Task to carry out — Each entry that follows is to be copied exactly, minus any pictures.

▼

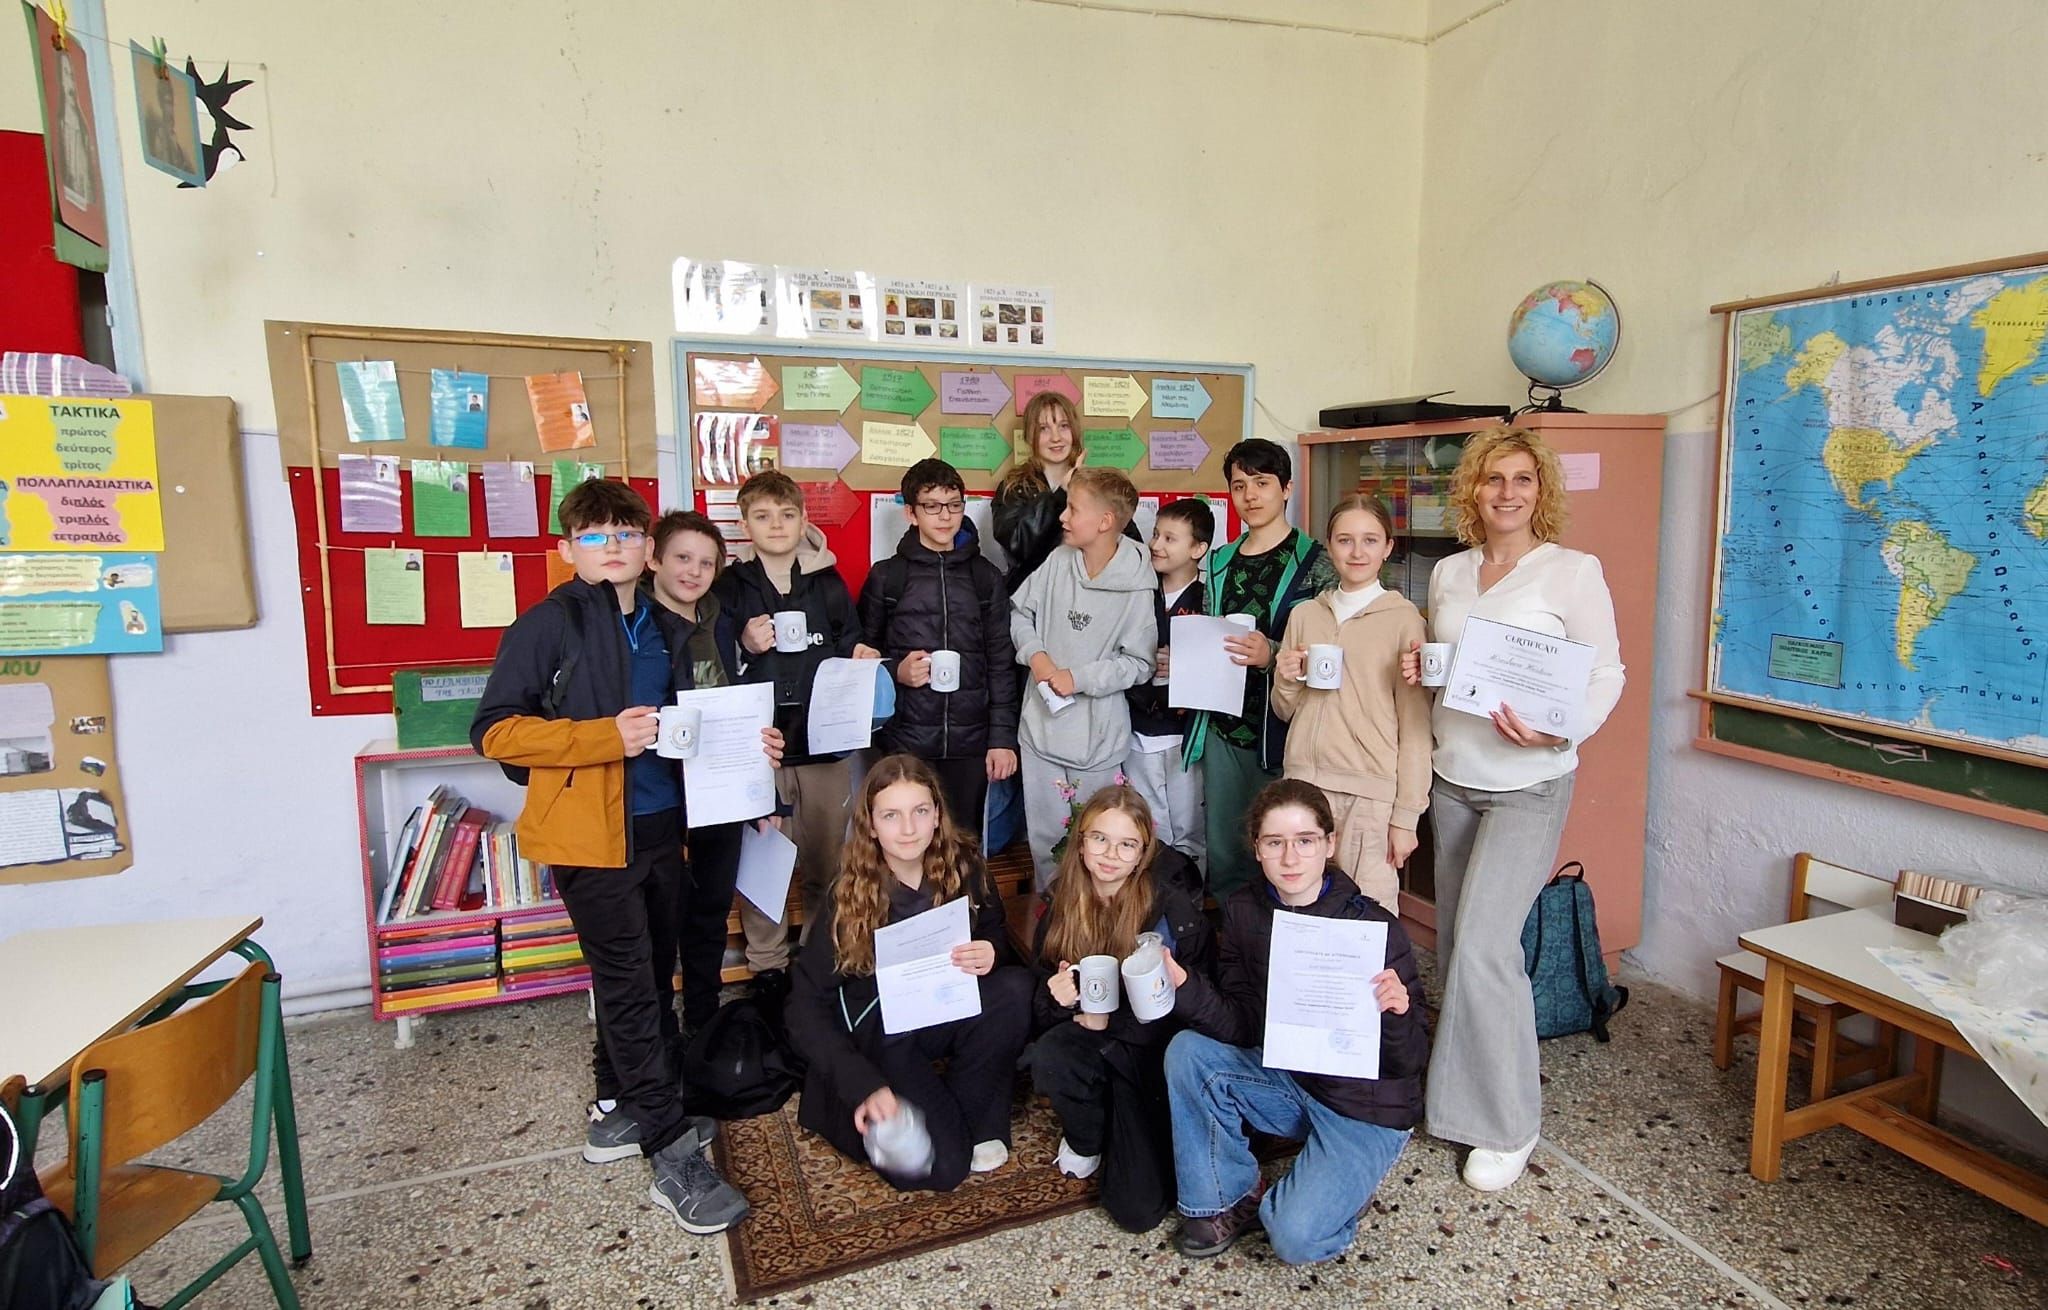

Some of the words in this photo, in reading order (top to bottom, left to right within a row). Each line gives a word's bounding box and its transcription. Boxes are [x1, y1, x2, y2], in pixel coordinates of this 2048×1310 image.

[49, 405, 121, 419] ΤΑΚΤΙΚΑ
[61, 427, 107, 438] πρώτος
[56, 443, 112, 455] δεύτερος
[64, 460, 102, 471] τρίτος
[17, 477, 154, 491] ΠΟΛΛΑΠΛΑΣΙΑΣΤΙΚΑ
[61, 496, 105, 507] διπλός
[59, 514, 110, 526] τριπλός
[53, 532, 122, 543] τετραπλός

▲

Written response —
Some of the words in this photo, in reading order (top to bottom, left to right within a row). Each line gives a word's bounding box and its transcription. Boxes are [x1, y1, x2, y2], in pixel coordinates of this 2048×1310 image.

[49, 405, 121, 419] ΤΑΚΤΙΚΑ
[61, 427, 107, 438] πρώτος
[56, 443, 112, 455] δεύτερος
[64, 460, 102, 471] τρίτος
[17, 477, 154, 491] ΠΟΛΛΑΠΛΑΣΙΑΣΤΙΚΑ
[61, 496, 105, 507] διπλός
[59, 514, 110, 526] τριπλός
[53, 532, 122, 543] τετραπλός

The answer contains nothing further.